Sleen. Parfois, rien ne motive, rien n'amuse. On court après le temps qui ne nous atend pas.
De plus en plus, j'ai comme une envie de tout lâcher. D'abandonner. De ne plus vivre que pour mon plaisir. D'arrêter d'être "quelqu'un de bien" pour pouvoir me sentir bien. Raison ou passion ? Au fond, a-t-on vraiment le choix ? Certains peut être. Moi pas. Et si c'était le cas, si on m'avais laisser le choix, ne serais-je pas déçu ? Voudrais-je continuer ? Peut être que ça m'aurait apporter la motivation suffisante pour arriver à mon objectif premier... Qui sait...

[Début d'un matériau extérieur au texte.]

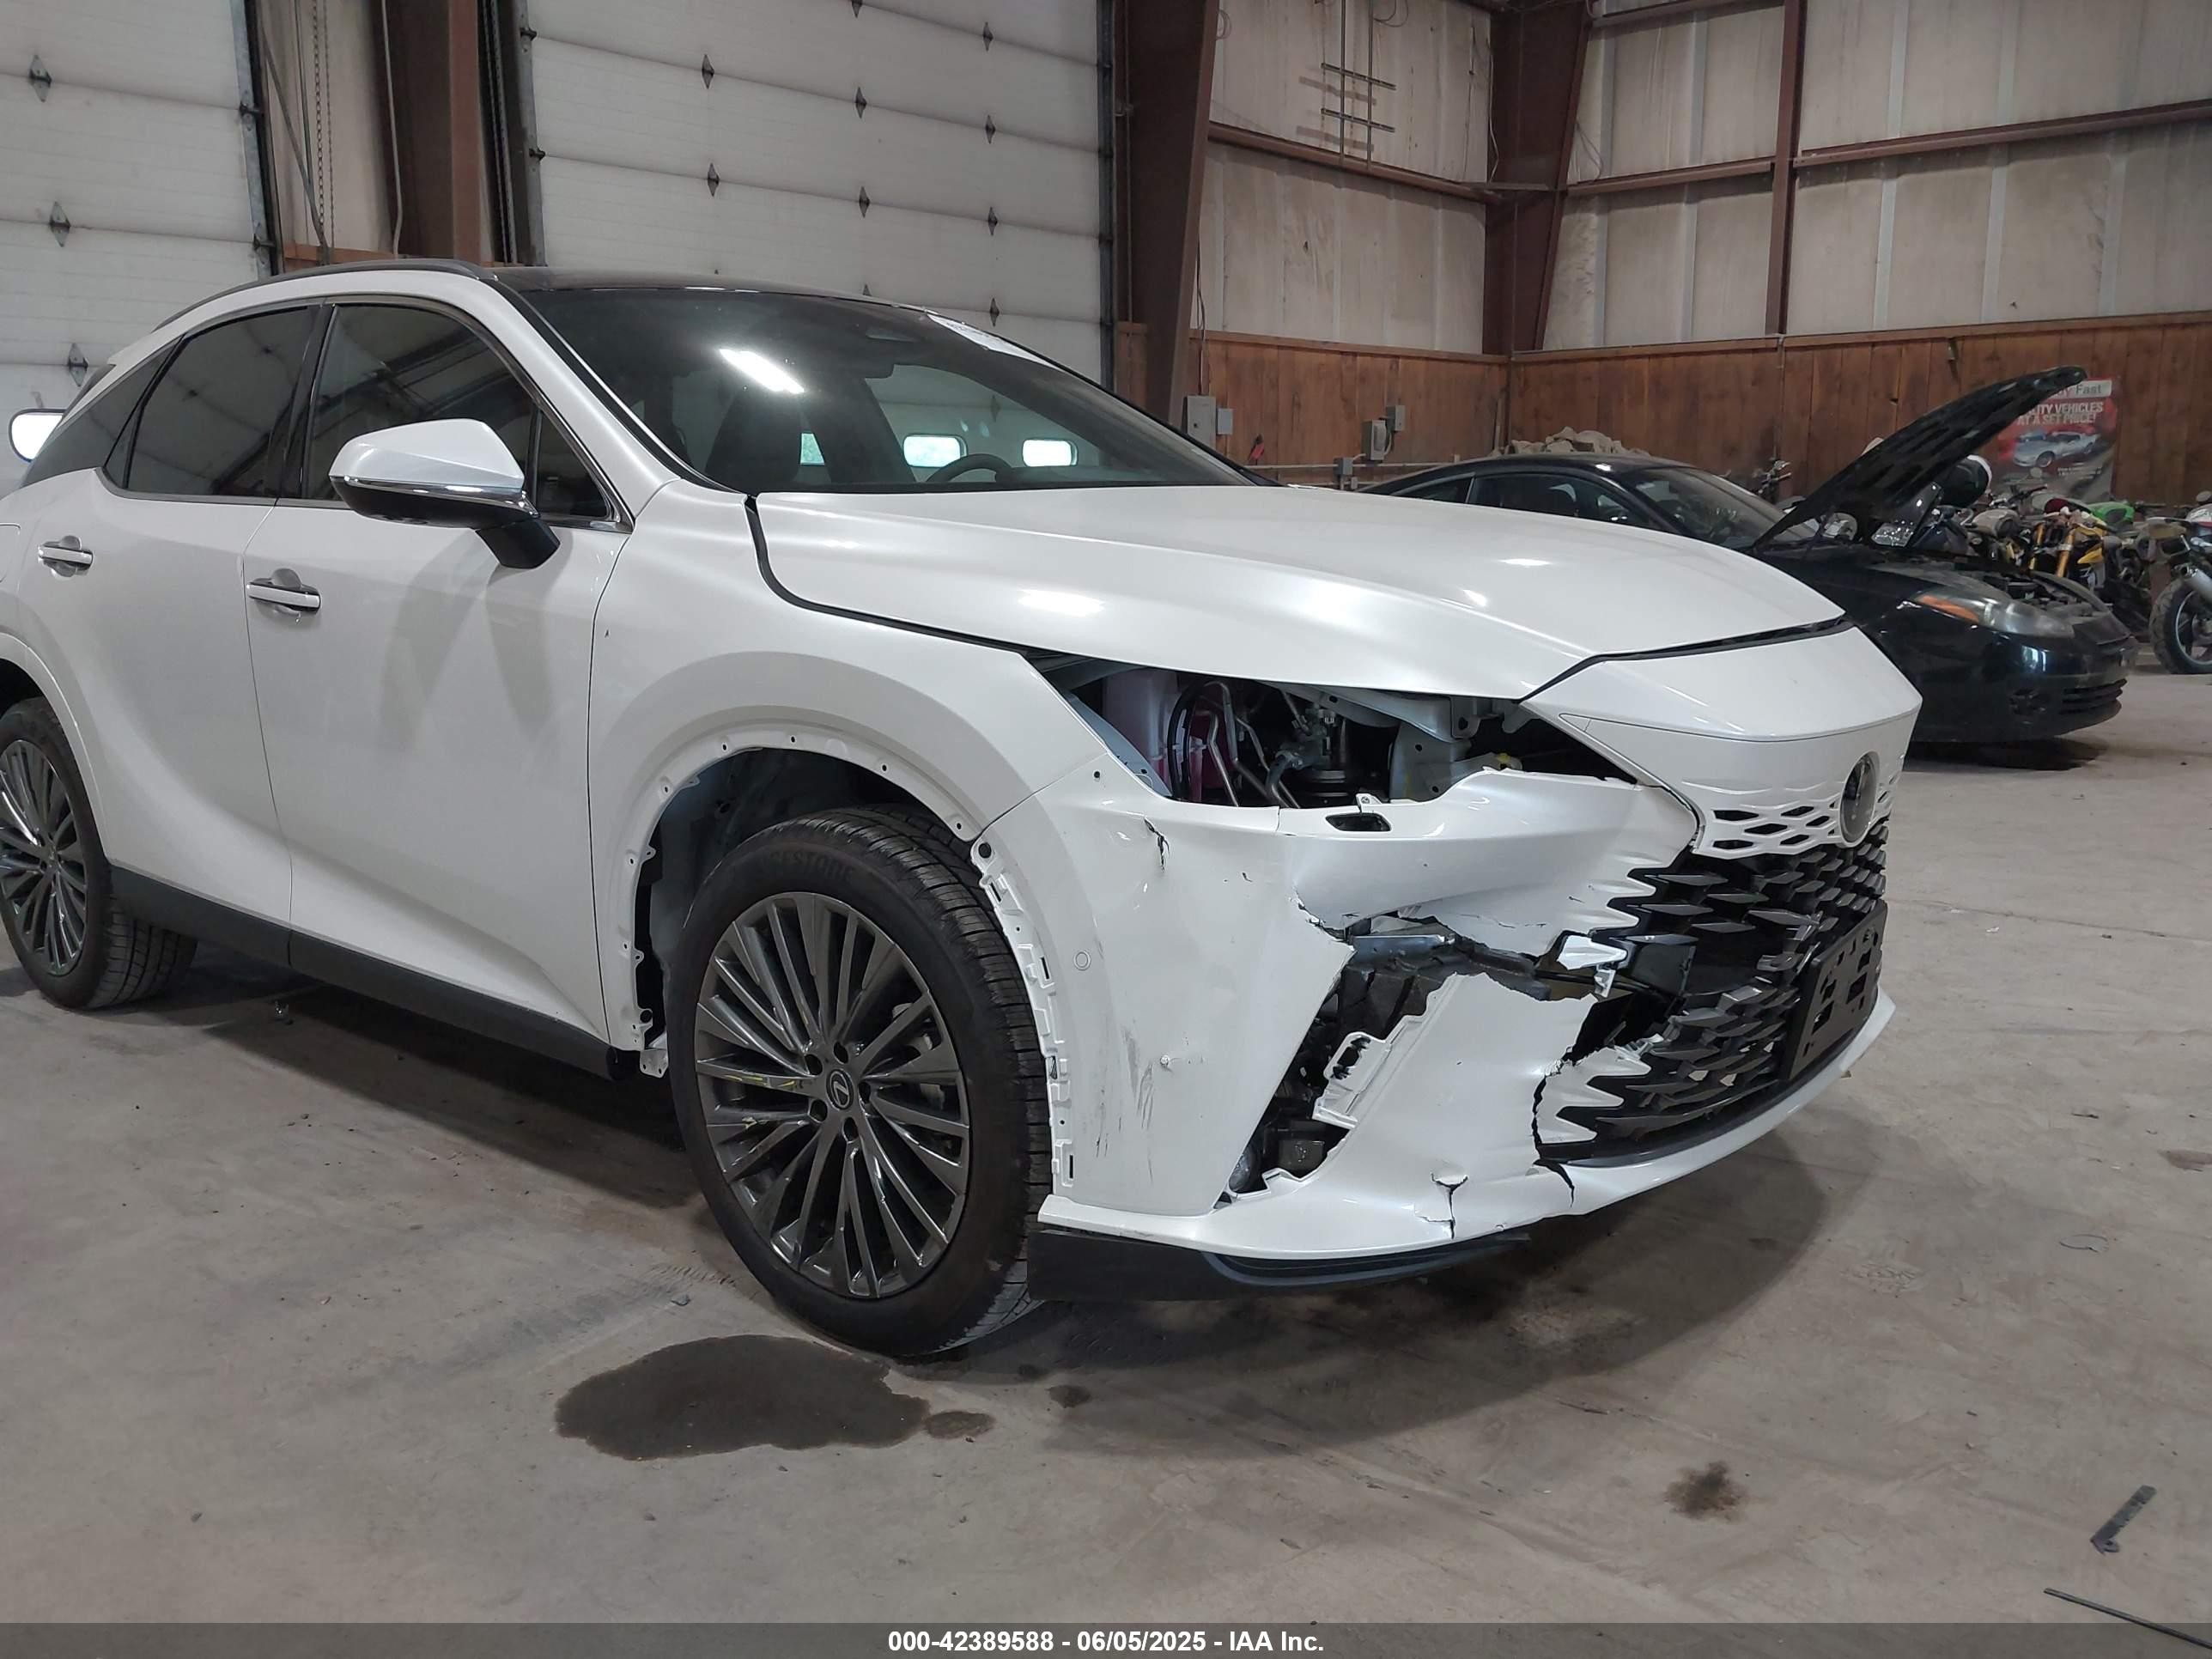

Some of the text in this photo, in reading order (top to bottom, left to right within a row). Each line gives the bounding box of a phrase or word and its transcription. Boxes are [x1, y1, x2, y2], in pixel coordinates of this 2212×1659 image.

(La vie est comme elle est. Parfois bonne, parfois mauvaise. Le bonheur va et vient selon son bon vouloir. Et c'est n'est certainement pas nous, petites choses insignifiantes, qui pouvons en décider. Notre environnement, nos amis, nos familles, nos loisirs, nos passions, des petits plaisirs de tous les jours nous permettent parfois d'accéder à ce merveilleux état qu'est le bonheur. Mais nous n'arrivons à rien si nous ne le voulons pas vraiment. Il faut savoir prendre les bon côtés de la vie, ne pas juger trop vite une situation, se satisfaire d'un rien, rire de tout, sourire à tout va,...
Pourtant, il arrive certaine fois que quoi que l'on fasse, quoi que l'on veuille et quoi que l'on dise, on se retrouve dans l'incapacité la plus totale de ressentir cette chose merveilleuse qu'est le bonheur. Oh, parfois il vient en coup de vent, mais ne semble ne jamais vouloir s'installer. Il arrive encore que en apparence, on est tout pour être heureux. Mais pourtant le sentiment de bonheur n'est pas là. On semble courir après le temps à vouloir qu'un petit bonheur de la vie nous sourit, ne serait ce qu'une seconde, mais il parait comme nous fuir. On ne réussit plus à rien. On rate tout ce qu'on fait, tout ce qu'on entreprend. Ou du moins on en a la sensation. On a l'impression d'être inutile, sans valeur...
Certains dirait "crise d'adolescence", d'autre "crise existentielle", certains encore évoquerait la déprime.
Quoi qu'il en soit, il n'y a rien a faire. A part peut être laisser passer le temps en espérant la fin de cet état semi-comateux.)